I share my own experience. The war in Iraq is one that I have seen firsthand. I had friends who were killed in that conflict, Iraqi friends. I was there to train the Iraqi army. There were those that did not make it out, and I am very proud that this nation, when we left that conflict, accepted a great number of our former interpreters and their families to settle in Australia. And there is no doubt that, if we had not done so, many of them would not be alive today.
For those of you who have been at the front of conflicts where refugees are affected by those conflicts—it is an incredibly traumatic experience—the sight of refugees who have fled their homeland and found themselves in desperate circumstances with nothing but what they carry on their backs is something you cannot see without remaining unmoved.
When it comes to this debate, I take this opportunity because it is, like many events involving refugees, forgotten.
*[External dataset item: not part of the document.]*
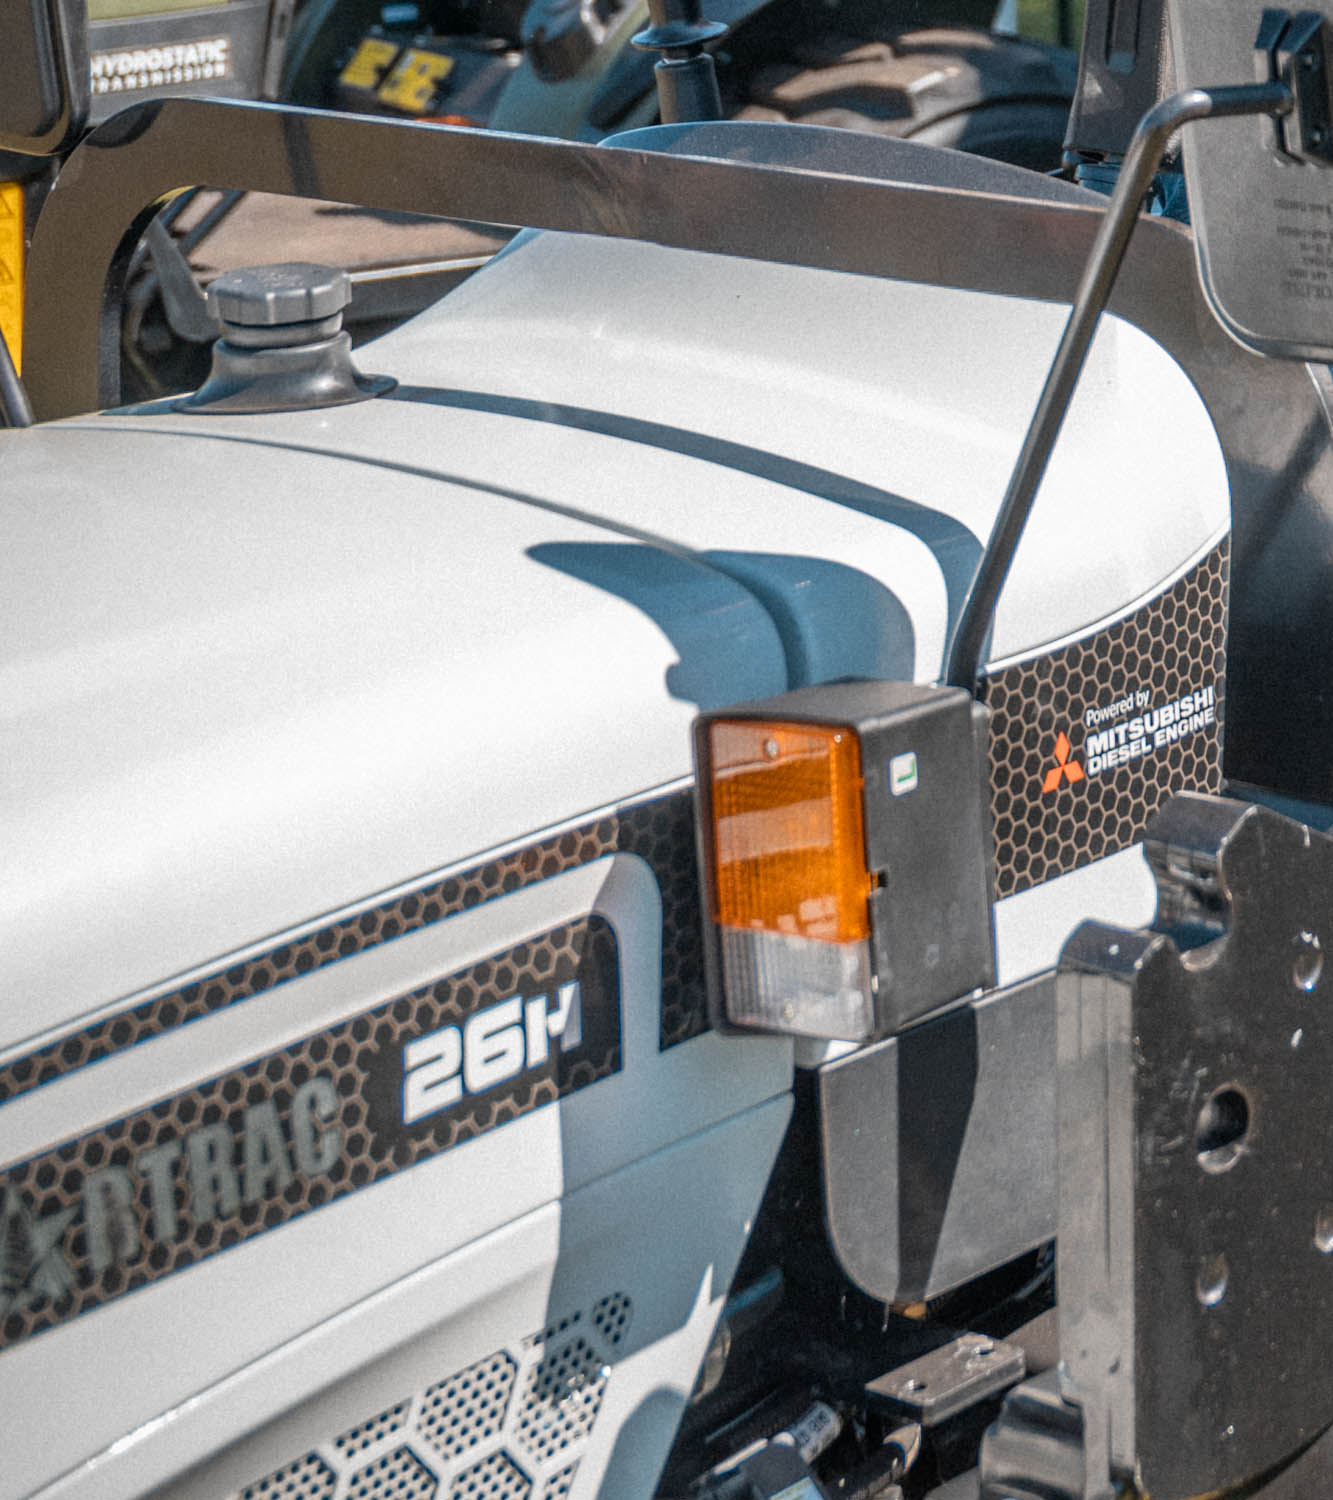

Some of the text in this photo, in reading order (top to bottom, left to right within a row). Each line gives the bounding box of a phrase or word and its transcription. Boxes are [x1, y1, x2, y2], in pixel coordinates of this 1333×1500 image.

[1086, 689, 1150, 727] Powered by
[1086, 685, 1214, 758] MITSUBISHI
[1087, 706, 1216, 777] DIESEL ENGINE
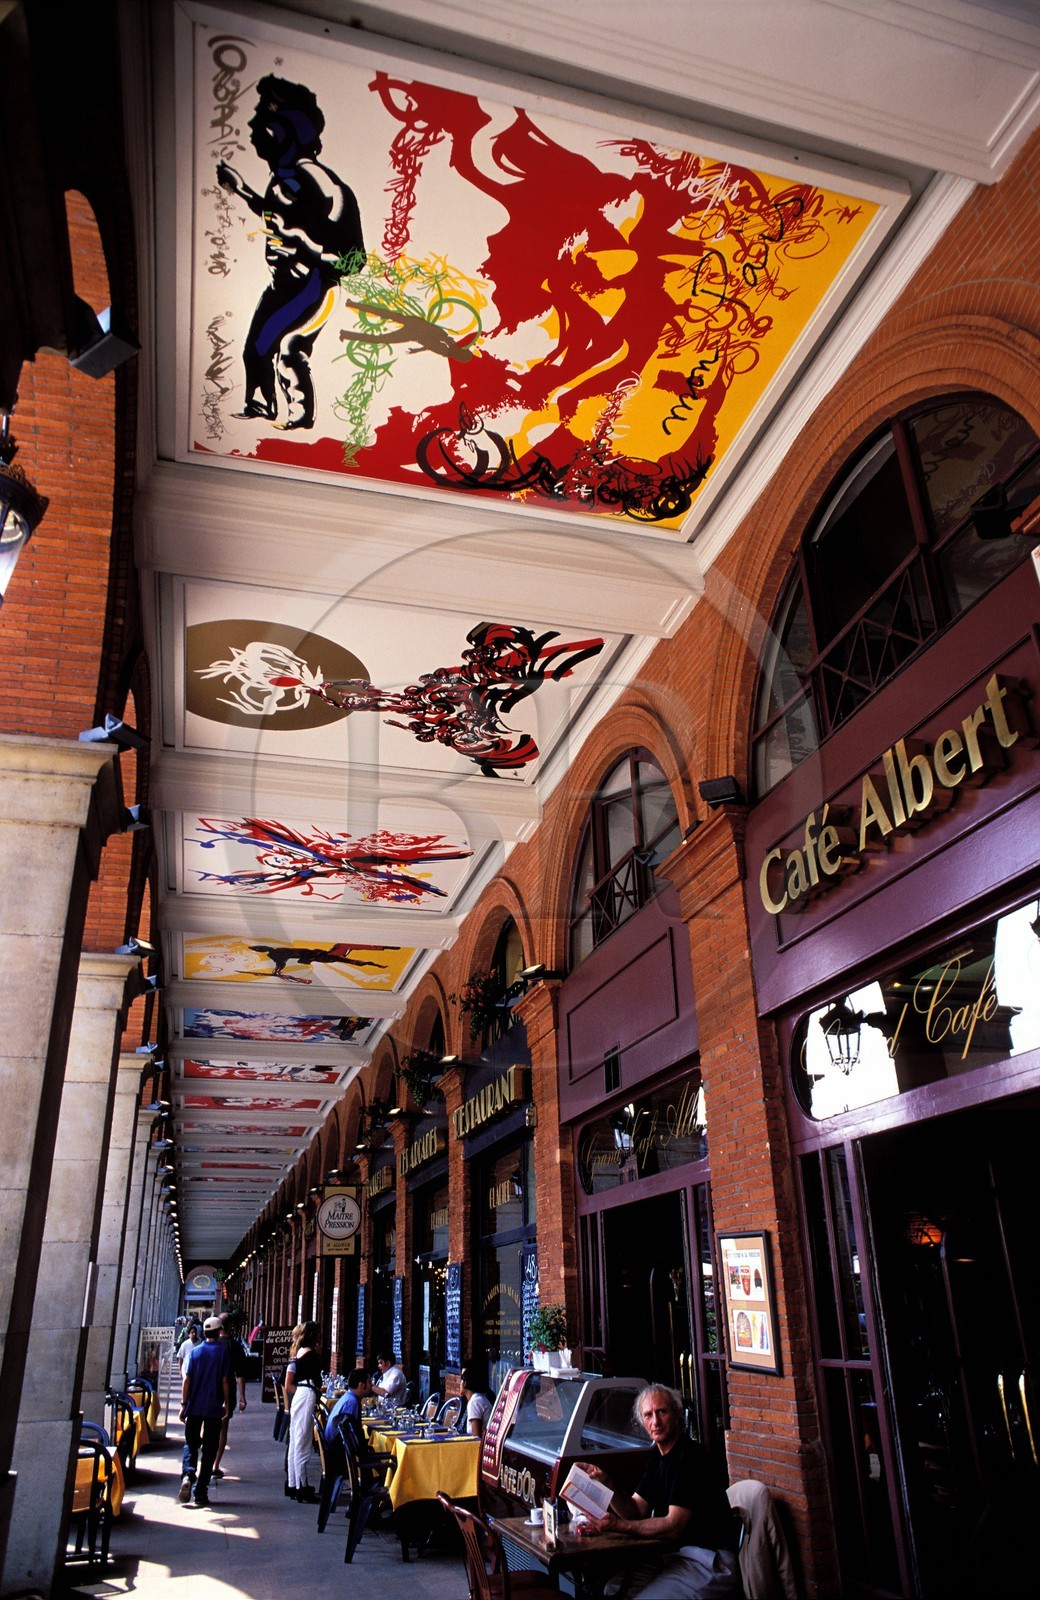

We tend to focus on the events of the day and move on. But in East Timor in the conflict in 1999 tens of thousands of people fled from East Timor into West Timor and found themselves in refugee camps in some of the most appalling conditions. People tried to help, but they were appalling conditions. Then the floods came.
I will read you an extract from the Guardian of that time. At that time I was serving with the United Nations on the border of East Timor and West Timor. Our job was to help coordinate the repatriation of refugees through the border, and we spent many times at the border junction points watching refugees coming back from West Timor into East Timor. I read from this article to give members a sense of what I saw:
Scores of people have died and tens of thousands have lost their homes in floods sweeping along the border between Indonesia and West Timor and Independent East Timor. Hundreds of people are still missing and the rescuers who flew over the area for the first time yesterday said that they saw people clinging to trees and rooftops and groups sheltering on small patches of high ground as muddy water more than two metres deep swirled for mile after mile, sweeping away access roads.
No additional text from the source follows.